Dear Elon, It’s Time for Energy Freedom — Now!
By Vijay Jayaraj – May 16, 2022
Dear Elon,
It is heartening to witness your commitment to protecting freedom of speech in our world. Despite backlash from the far left, you’ve gone ahead and bought Twitter. Like millions, I too greatly admire the pace at which SpaceX has developed and the advanced AI technology that your Tesla runs on.
But this letter is about an issue that is close to my heart, one of life and death for millions in developing parts of the world. It is about energy poverty.
The antithesis to energy poverty is energy security and freedom. You know this. It is precisely why you tweeted on this matter during recent oil and gas shortages. Despite being the maker of the world’s most successful electric vehicles, you pointed out that constraining fossil fuel supplies will hurt people and economies. You could have chosen profit over people, but you did not.
I am making a simple request on behalf of those who live in less-developed countries: Stand for energy freedom, regardless of which fuel source individual countries choose. The world depends on the courage of honest, clear-thinking leaders like you.
Elon, I am writing from a rapidly developing country, India. While you were becoming richer in Silicon Valley, my community and family in Southern India were reeling from frequent and long power blackouts. Factories were being shut, individuals were losing productive hours (which you take seriously), hospitals were unable to perform surgeries, and students could not study at night. People accepted this as their fate life in a third-rate economy.
But two decades of increasing coal use (2000-2020) has ensured that the current generation need not face the same situation that I did decades ago. In 2017, my country of 1.23 billion people finally produced an electricity surplus. The credit goes to the country’s coal sector that powered hundreds of power plants supporting rapidly growing cities and industrial centers.

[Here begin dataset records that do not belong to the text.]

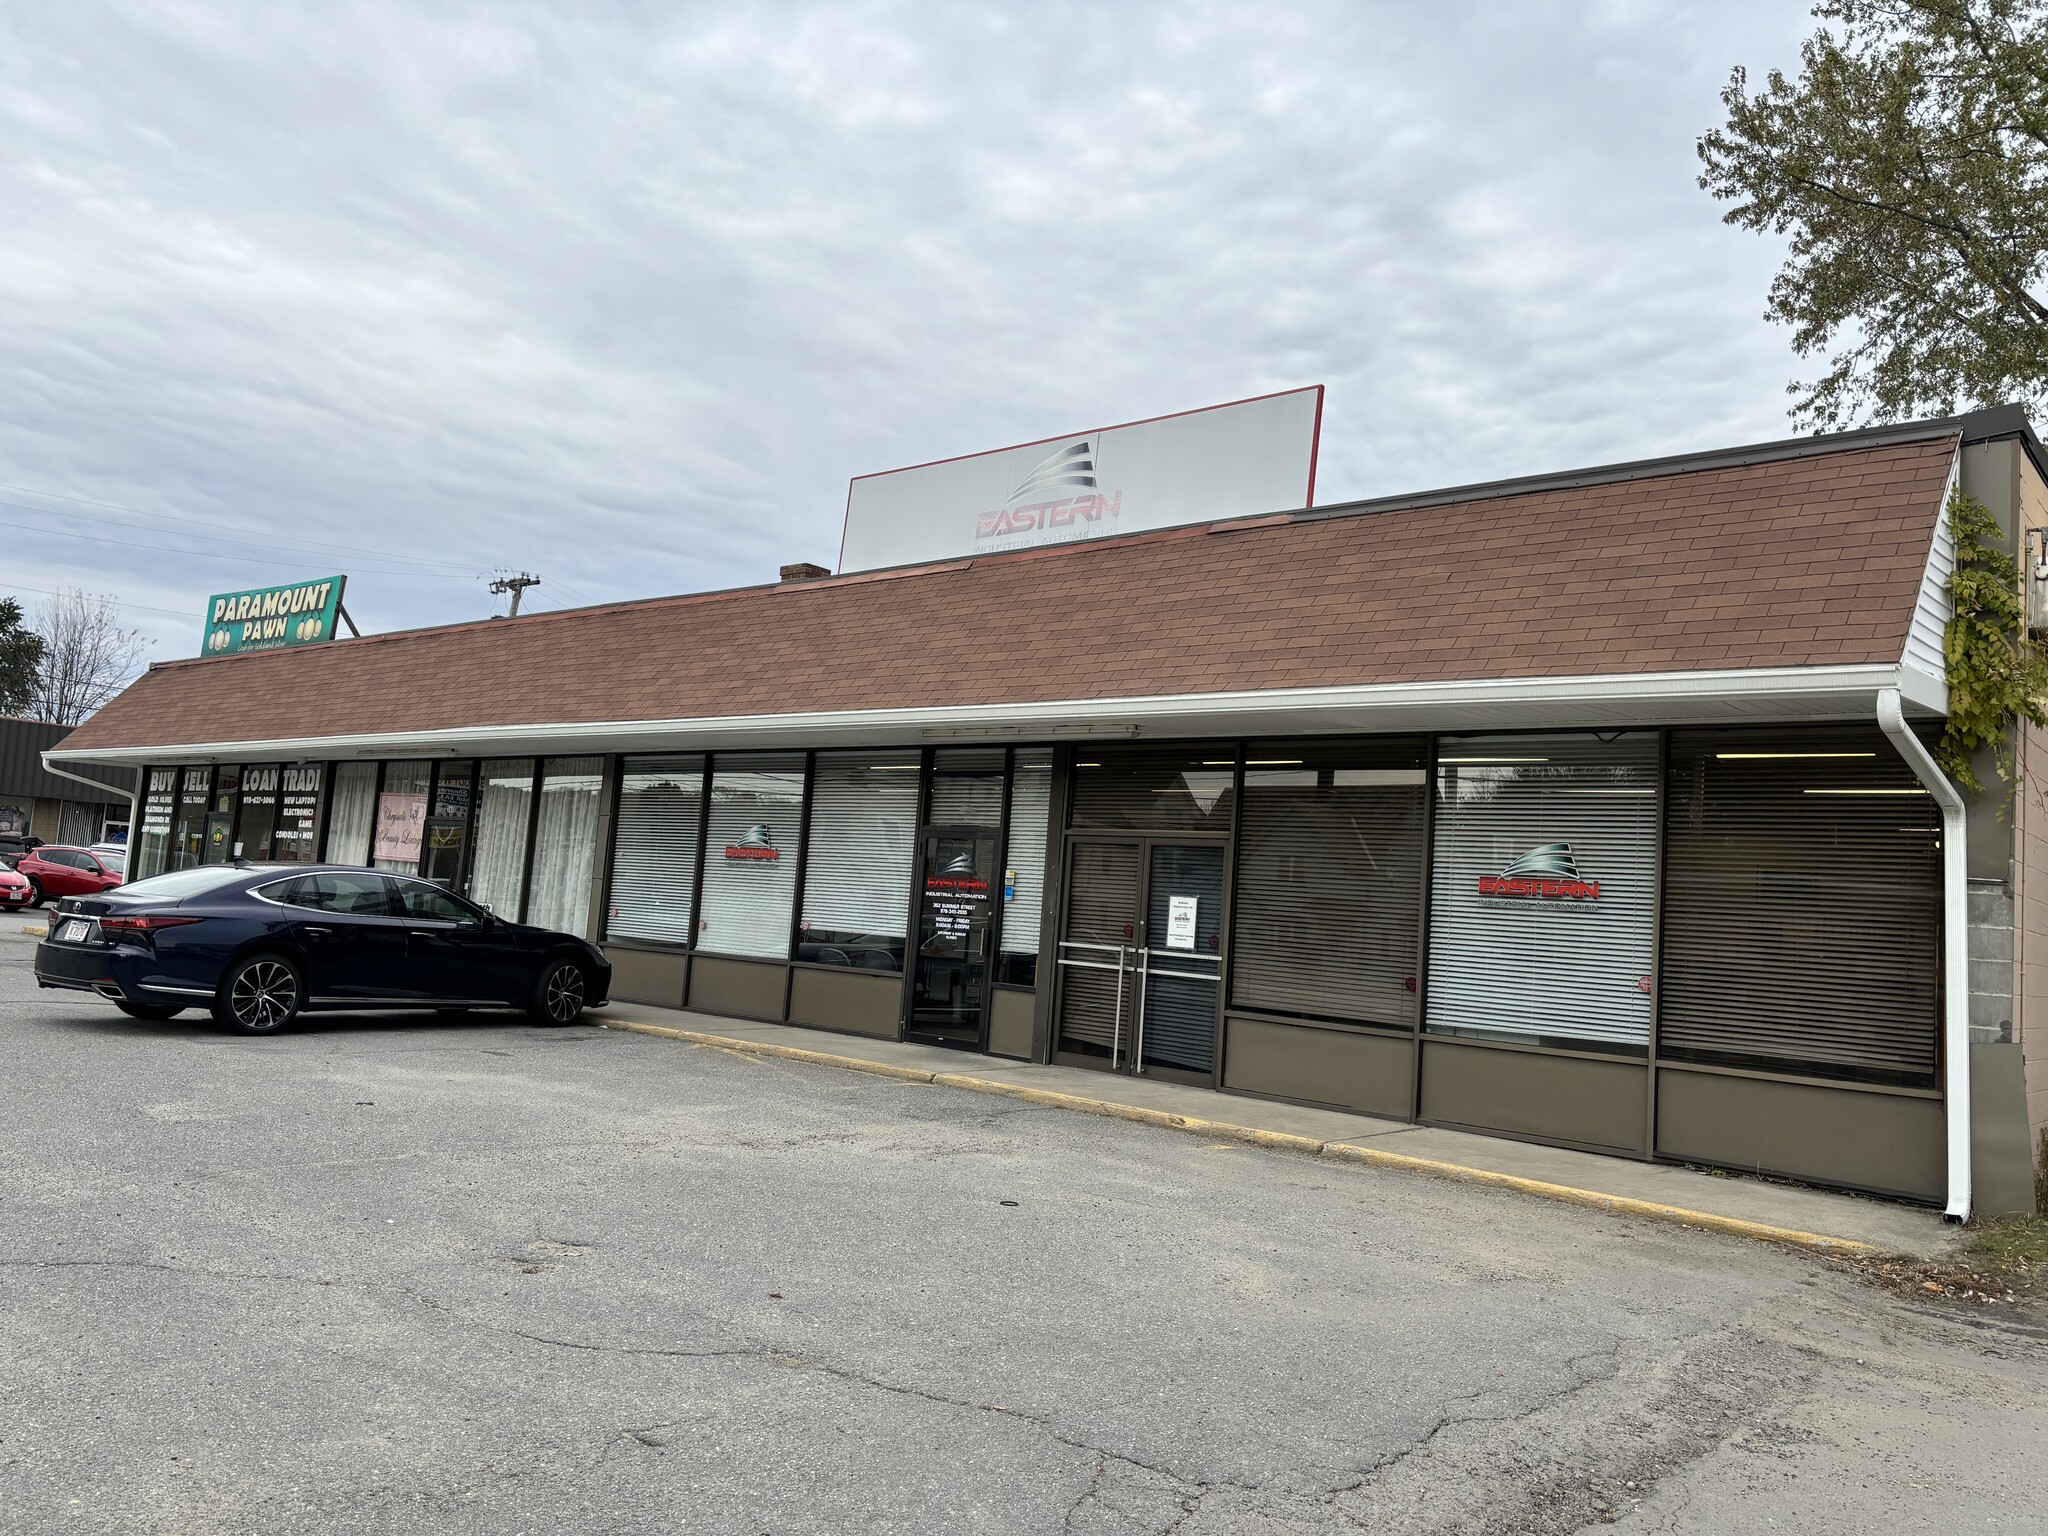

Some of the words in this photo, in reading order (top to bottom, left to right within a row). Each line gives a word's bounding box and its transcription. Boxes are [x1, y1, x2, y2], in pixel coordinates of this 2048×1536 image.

[975, 490, 1123, 539] EASTERN
[212, 582, 332, 623] PARAMOUNT
[242, 616, 288, 641] PAWN
[150, 771, 175, 791] BUY
[183, 771, 209, 791] SELL
[242, 769, 280, 792] LOAN
[183, 796, 193, 804] CALL
[192, 796, 207, 804] TODAY
[284, 796, 296, 804] NEW
[164, 806, 173, 814] AND
[283, 808, 314, 816] ELECTRONICS
[298, 820, 313, 828] GAME
[275, 830, 298, 839] CONSOLES
[725, 846, 779, 860] EASTERN
[927, 877, 988, 890] EASTERN
[1478, 876, 1599, 900] EASTERN

However, we have a long way to go. Still in desperate poverty are 300 million of my fellow citizens. This is not the right time for the elite of advanced economies to deny India the use of hydrocarbons. The situation is even worse in Africa, with thousands of healthcare centers either electrified partially or not at all. Millions of households remain outside the power grid.
Some propose wind, solar, and batteries as solutions to energy poverty. However, currently available technologies cannot power cities and industries. They are too inefficient and intermittent. Unlike California or Texas or Germany, poorer countries cannot afford failed “green energy” experiments. What might be inconvenience for rich societies is death for the poor. For those who became wealthy with fossil fuels to lecture the Third World about their use is beyond hypocritical.

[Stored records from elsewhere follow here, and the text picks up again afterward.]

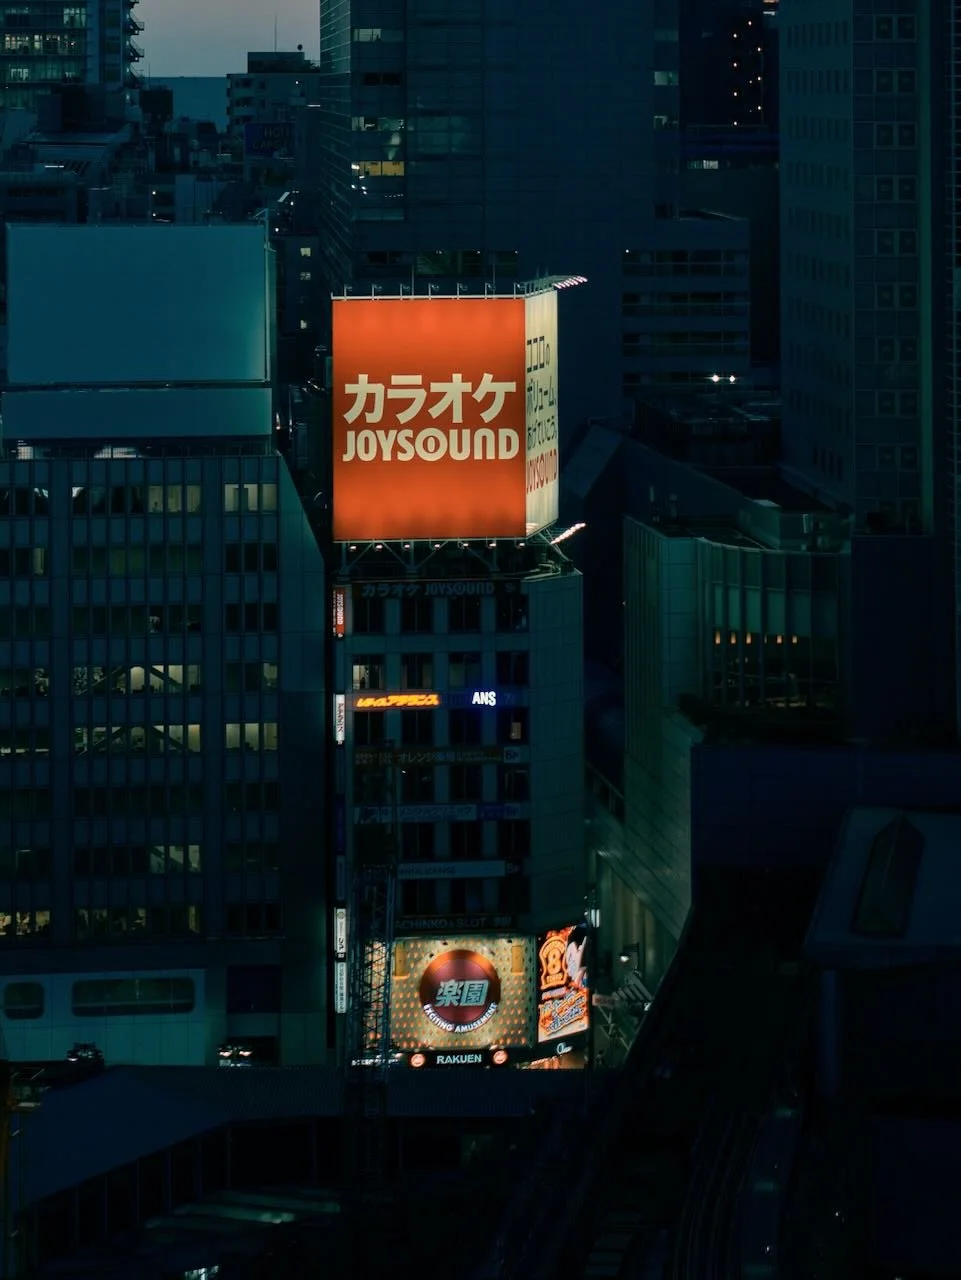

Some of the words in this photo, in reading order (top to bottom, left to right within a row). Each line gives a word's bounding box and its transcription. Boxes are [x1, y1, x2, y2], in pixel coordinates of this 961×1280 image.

[342, 372, 517, 425] カラオケ
[342, 426, 520, 462] JOYSOUND
[526, 447, 557, 495] JOYSOUND
[361, 582, 421, 597] カラオケ
[423, 580, 497, 596] JOYSOUND
[471, 690, 497, 706] ANS
[435, 979, 490, 1007] 楽園
[423, 1003, 455, 1032] EXCITING
[454, 1001, 498, 1033] AMUSEMENT
[436, 1054, 483, 1065] RAKUEN

Energy poverty forces hundreds of millions to use polluting substances like wood and cow dung to cook and to heat homes. With this practice killing millions, the importance of drilling for natural gas cannot be overstated!
A lower-middle income Indian family can afford a gasoline-powered car for $2,500 while the cheapest Tesla Y costs more than $55,000 in the U.S. We do not begrudge those with the means to own EVs, but many of us need gas and diesel for internal combustion engines.

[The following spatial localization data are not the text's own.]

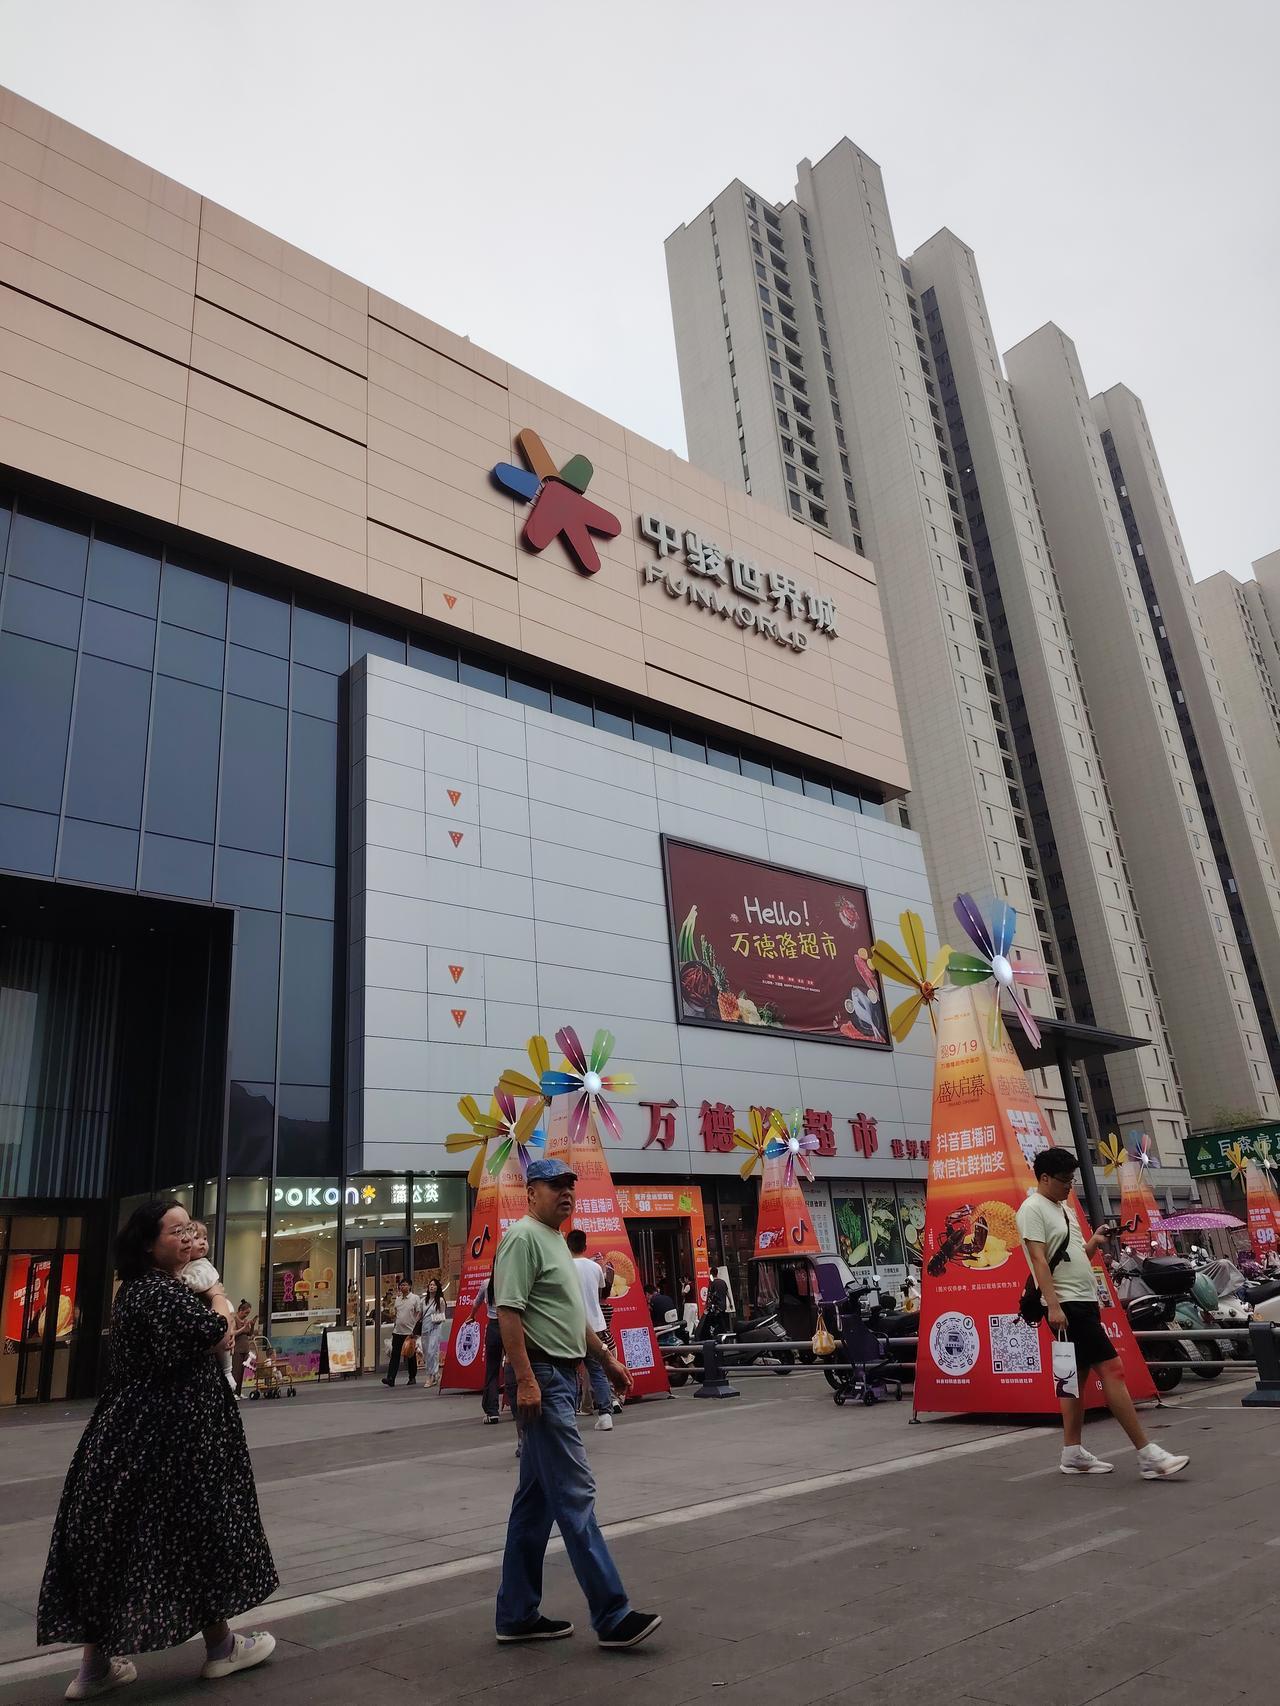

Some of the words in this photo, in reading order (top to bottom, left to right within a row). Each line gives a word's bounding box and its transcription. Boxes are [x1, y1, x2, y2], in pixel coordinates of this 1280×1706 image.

[640, 512, 839, 640] 中骏世界城
[644, 561, 808, 653] FUNWORLD
[743, 895, 810, 927] Hello!
[730, 931, 838, 960] 万德隆超市
[936, 1125, 996, 1153] 抖音直播间
[932, 1151, 1005, 1180] 微信社群抽奖
[575, 1198, 614, 1213] 抖音直播间

Petrochemicals, of course, are needed for hundreds of essential everyday products.
Yours is an important voice among a growing list of people from Africa and Asia who have called on world leaders to stop coercing less developed economies into adopting unreliable and expensive technologies at a dangerous pace.
So, Elon, standing for freedom of energy is standing for the dreams of millions to have a continuous power supply, to own a car, to enjoy modern health care, to give their children a decent chance for a productive life. In some cases, to have a life at all.
Respectfully,
Vijay Raj
Energy Warrior
Vijay Jayaraj is a Research Associate at the CO2 Coalition, Arlington, Va., and holds a Master’s degree in environmental sciences from the University of East Anglia, England. He resides in Bengaluru, India.